--- Task prompt ---
Please reproduce exactly the line that carries "this 1280×1280 image." and all remaining lines through the last line of the data, and write nothing else.

[Collected data]
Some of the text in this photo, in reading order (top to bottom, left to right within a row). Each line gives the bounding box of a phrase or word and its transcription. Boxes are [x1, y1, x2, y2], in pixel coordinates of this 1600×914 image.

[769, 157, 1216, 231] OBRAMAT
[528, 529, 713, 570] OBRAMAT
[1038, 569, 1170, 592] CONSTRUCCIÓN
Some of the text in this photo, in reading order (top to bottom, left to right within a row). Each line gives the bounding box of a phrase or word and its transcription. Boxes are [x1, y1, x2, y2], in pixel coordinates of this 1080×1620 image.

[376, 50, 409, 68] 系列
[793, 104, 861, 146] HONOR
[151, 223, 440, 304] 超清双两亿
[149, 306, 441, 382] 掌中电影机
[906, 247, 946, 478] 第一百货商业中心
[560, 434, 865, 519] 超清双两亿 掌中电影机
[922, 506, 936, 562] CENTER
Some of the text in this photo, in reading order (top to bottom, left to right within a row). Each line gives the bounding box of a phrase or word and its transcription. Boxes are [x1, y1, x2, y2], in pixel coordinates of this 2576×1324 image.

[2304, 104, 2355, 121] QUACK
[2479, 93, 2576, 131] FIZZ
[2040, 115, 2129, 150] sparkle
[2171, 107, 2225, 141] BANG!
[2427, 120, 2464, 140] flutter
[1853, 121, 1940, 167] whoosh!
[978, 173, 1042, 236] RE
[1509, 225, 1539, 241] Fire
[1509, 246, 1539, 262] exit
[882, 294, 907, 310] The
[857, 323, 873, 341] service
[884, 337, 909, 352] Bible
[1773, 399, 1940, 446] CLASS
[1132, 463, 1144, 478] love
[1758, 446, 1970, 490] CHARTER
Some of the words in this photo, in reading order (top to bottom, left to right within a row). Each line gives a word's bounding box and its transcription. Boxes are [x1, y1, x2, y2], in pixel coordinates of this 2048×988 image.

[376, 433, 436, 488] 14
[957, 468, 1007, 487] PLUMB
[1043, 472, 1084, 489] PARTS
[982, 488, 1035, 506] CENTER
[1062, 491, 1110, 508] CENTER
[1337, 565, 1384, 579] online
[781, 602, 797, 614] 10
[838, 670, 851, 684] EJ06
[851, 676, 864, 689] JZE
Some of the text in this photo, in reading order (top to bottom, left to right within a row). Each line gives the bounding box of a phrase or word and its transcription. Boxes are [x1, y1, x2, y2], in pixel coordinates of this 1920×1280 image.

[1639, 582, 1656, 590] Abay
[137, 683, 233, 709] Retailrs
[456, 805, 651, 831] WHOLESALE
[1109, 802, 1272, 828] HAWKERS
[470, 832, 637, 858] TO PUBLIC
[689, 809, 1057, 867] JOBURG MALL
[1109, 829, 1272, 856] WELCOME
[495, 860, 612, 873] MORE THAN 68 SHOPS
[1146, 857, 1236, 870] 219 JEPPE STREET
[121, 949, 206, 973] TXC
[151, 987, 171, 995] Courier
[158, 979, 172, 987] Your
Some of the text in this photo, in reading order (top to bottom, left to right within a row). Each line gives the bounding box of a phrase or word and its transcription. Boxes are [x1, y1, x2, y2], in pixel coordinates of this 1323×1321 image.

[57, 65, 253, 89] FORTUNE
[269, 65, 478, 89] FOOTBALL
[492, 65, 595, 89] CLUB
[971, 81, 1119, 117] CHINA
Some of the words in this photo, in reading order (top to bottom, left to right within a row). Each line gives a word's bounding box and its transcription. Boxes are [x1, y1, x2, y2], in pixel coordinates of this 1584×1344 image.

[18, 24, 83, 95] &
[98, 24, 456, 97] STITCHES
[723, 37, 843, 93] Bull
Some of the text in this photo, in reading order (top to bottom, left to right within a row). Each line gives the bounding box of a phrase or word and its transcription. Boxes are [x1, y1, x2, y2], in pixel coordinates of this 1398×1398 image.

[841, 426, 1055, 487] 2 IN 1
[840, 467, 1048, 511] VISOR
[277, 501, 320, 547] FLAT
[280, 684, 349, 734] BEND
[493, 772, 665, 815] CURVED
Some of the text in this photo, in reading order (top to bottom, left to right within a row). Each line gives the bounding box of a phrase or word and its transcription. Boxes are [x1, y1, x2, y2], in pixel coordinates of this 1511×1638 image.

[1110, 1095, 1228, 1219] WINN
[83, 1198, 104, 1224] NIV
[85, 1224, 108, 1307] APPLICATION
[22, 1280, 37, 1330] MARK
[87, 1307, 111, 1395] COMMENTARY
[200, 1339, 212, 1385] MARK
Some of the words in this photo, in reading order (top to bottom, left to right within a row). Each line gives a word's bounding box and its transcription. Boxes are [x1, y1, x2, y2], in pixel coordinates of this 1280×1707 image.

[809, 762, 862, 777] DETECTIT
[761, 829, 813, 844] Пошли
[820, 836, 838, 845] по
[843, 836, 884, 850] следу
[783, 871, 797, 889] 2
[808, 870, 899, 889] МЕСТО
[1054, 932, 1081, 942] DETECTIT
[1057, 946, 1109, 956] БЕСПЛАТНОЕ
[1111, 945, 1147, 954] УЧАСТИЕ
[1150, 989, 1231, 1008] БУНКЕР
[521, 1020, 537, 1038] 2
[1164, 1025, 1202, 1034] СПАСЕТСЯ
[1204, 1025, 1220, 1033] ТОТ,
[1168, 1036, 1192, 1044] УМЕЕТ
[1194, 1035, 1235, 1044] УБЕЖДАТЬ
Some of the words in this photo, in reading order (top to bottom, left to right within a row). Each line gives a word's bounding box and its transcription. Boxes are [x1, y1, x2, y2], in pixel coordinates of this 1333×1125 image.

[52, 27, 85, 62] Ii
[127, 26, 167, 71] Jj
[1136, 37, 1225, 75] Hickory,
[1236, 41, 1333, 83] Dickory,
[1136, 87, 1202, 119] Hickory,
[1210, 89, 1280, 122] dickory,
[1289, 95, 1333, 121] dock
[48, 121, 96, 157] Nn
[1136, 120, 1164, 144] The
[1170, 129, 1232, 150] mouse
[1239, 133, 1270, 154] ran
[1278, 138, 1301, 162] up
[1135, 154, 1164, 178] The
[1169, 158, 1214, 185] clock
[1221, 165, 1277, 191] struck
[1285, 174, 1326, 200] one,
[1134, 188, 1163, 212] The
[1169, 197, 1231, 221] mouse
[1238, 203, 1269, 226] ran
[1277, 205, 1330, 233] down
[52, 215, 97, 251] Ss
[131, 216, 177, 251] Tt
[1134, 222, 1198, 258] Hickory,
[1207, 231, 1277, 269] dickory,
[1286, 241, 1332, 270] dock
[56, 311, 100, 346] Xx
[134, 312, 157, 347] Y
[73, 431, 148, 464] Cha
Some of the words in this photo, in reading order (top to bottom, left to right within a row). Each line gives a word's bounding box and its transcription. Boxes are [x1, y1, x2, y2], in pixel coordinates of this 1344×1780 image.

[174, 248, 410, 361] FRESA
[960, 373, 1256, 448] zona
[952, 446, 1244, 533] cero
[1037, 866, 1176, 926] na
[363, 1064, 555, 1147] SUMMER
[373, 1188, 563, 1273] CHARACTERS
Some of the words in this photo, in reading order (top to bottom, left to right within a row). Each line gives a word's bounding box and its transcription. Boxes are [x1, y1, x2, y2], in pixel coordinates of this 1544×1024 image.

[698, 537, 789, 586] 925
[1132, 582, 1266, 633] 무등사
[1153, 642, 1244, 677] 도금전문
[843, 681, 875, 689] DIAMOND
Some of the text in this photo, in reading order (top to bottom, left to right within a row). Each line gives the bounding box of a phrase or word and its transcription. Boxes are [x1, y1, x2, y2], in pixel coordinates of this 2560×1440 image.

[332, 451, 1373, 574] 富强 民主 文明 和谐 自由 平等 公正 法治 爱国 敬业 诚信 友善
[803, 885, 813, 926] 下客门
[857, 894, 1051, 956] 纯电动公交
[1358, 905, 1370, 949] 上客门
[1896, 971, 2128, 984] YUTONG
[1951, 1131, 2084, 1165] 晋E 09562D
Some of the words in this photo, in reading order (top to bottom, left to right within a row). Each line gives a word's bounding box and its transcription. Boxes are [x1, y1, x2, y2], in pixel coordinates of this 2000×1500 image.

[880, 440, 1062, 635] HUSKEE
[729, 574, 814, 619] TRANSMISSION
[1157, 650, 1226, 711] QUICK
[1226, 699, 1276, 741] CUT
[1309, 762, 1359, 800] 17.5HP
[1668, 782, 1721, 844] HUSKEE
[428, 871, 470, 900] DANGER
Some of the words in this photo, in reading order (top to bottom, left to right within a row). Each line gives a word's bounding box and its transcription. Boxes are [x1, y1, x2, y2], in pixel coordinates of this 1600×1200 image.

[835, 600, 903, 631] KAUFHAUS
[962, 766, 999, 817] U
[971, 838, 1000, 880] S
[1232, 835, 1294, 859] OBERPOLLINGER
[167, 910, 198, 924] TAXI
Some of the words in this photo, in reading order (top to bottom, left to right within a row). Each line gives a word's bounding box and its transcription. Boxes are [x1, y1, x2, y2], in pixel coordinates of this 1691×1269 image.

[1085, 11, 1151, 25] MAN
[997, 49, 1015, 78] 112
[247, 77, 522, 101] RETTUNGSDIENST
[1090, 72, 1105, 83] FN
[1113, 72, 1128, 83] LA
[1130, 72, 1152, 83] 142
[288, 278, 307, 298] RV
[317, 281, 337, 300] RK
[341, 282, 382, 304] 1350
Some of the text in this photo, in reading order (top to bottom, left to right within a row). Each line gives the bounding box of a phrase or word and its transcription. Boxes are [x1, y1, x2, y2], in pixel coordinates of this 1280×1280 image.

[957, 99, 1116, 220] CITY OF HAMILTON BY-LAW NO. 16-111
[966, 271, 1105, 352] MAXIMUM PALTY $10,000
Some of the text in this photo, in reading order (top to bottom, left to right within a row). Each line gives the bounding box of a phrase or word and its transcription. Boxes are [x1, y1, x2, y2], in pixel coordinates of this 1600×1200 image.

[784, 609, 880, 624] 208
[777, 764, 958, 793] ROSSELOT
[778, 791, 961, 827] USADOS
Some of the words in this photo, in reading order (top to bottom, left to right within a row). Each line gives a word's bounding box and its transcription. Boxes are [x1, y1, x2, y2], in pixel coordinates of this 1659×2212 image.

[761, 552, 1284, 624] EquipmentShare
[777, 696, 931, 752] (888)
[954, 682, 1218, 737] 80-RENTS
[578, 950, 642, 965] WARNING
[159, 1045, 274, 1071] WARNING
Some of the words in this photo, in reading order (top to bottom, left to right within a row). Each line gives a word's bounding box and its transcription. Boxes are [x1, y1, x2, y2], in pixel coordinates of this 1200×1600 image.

--- Answer area ---
Some of the text in this photo, in reading order (top to bottom, left to right within a row). Each line gives the bounding box of a phrase or word and its transcription. Boxes are [x1, y1, x2, y2], in pixel coordinates of this 1280×1280 image.

[957, 99, 1116, 220] CITY OF HAMILTON BY-LAW NO. 16-111
[966, 271, 1105, 352] MAXIMUM PALTY $10,000
Some of the text in this photo, in reading order (top to bottom, left to right within a row). Each line gives the bounding box of a phrase or word and its transcription. Boxes are [x1, y1, x2, y2], in pixel coordinates of this 1600×1200 image.

[784, 609, 880, 624] 208
[777, 764, 958, 793] ROSSELOT
[778, 791, 961, 827] USADOS
Some of the words in this photo, in reading order (top to bottom, left to right within a row). Each line gives a word's bounding box and its transcription. Boxes are [x1, y1, x2, y2], in pixel coordinates of this 1659×2212 image.

[761, 552, 1284, 624] EquipmentShare
[777, 696, 931, 752] (888)
[954, 682, 1218, 737] 80-RENTS
[578, 950, 642, 965] WARNING
[159, 1045, 274, 1071] WARNING
Some of the words in this photo, in reading order (top to bottom, left to right within a row). Each line gives a word's bounding box and its transcription. Boxes are [x1, y1, x2, y2], in pixel coordinates of this 1200×1600 image.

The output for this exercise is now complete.